(Items listed in a dataset)
▼▼▼

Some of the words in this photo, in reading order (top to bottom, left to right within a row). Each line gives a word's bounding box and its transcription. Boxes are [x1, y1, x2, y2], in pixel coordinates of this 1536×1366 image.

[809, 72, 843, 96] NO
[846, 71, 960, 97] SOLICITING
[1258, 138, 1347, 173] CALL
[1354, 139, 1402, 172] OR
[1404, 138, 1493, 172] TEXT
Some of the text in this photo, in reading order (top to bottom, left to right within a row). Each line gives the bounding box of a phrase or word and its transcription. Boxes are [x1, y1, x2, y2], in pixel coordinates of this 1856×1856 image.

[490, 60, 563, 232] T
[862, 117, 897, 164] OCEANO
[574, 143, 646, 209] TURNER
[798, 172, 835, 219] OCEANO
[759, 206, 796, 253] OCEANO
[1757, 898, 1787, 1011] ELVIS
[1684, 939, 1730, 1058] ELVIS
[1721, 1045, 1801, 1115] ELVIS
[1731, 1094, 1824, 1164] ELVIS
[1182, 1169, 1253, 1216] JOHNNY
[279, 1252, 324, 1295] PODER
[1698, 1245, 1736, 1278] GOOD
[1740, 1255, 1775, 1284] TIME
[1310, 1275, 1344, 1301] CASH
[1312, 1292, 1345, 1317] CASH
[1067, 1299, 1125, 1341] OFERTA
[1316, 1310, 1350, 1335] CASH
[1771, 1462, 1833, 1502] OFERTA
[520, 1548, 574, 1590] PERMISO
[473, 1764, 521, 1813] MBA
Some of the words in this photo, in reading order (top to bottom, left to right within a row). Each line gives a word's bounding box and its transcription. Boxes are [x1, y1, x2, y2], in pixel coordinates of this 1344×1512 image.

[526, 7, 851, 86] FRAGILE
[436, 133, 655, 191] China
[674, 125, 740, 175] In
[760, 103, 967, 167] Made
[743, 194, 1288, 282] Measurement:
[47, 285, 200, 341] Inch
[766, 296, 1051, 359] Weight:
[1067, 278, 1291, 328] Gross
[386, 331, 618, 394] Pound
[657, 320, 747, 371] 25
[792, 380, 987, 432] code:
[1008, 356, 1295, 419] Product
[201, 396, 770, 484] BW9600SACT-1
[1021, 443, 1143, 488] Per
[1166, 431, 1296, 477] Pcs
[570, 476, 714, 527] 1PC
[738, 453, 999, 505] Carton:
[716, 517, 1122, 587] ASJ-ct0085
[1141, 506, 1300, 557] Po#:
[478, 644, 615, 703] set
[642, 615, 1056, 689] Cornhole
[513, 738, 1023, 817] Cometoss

▲▲▲

— Problem statement —
Repeat each record word for word.

— Reply —
Some of the words in this photo, in reading order (top to bottom, left to right within a row). Each line gives a word's bounding box and its transcription. Boxes are [x1, y1, x2, y2], in pixel coordinates of this 1536×1366 image.

[809, 72, 843, 96] NO
[846, 71, 960, 97] SOLICITING
[1258, 138, 1347, 173] CALL
[1354, 139, 1402, 172] OR
[1404, 138, 1493, 172] TEXT
Some of the text in this photo, in reading order (top to bottom, left to right within a row). Each line gives the bounding box of a phrase or word and its transcription. Boxes are [x1, y1, x2, y2], in pixel coordinates of this 1856×1856 image.

[490, 60, 563, 232] T
[862, 117, 897, 164] OCEANO
[574, 143, 646, 209] TURNER
[798, 172, 835, 219] OCEANO
[759, 206, 796, 253] OCEANO
[1757, 898, 1787, 1011] ELVIS
[1684, 939, 1730, 1058] ELVIS
[1721, 1045, 1801, 1115] ELVIS
[1731, 1094, 1824, 1164] ELVIS
[1182, 1169, 1253, 1216] JOHNNY
[279, 1252, 324, 1295] PODER
[1698, 1245, 1736, 1278] GOOD
[1740, 1255, 1775, 1284] TIME
[1310, 1275, 1344, 1301] CASH
[1312, 1292, 1345, 1317] CASH
[1067, 1299, 1125, 1341] OFERTA
[1316, 1310, 1350, 1335] CASH
[1771, 1462, 1833, 1502] OFERTA
[520, 1548, 574, 1590] PERMISO
[473, 1764, 521, 1813] MBA
Some of the words in this photo, in reading order (top to bottom, left to right within a row). Each line gives a word's bounding box and its transcription. Boxes are [x1, y1, x2, y2], in pixel coordinates of this 1344×1512 image.

[526, 7, 851, 86] FRAGILE
[436, 133, 655, 191] China
[674, 125, 740, 175] In
[760, 103, 967, 167] Made
[743, 194, 1288, 282] Measurement:
[47, 285, 200, 341] Inch
[766, 296, 1051, 359] Weight:
[1067, 278, 1291, 328] Gross
[386, 331, 618, 394] Pound
[657, 320, 747, 371] 25
[792, 380, 987, 432] code:
[1008, 356, 1295, 419] Product
[201, 396, 770, 484] BW9600SACT-1
[1021, 443, 1143, 488] Per
[1166, 431, 1296, 477] Pcs
[570, 476, 714, 527] 1PC
[738, 453, 999, 505] Carton:
[716, 517, 1122, 587] ASJ-ct0085
[1141, 506, 1300, 557] Po#:
[478, 644, 615, 703] set
[642, 615, 1056, 689] Cornhole
[513, 738, 1023, 817] Cometoss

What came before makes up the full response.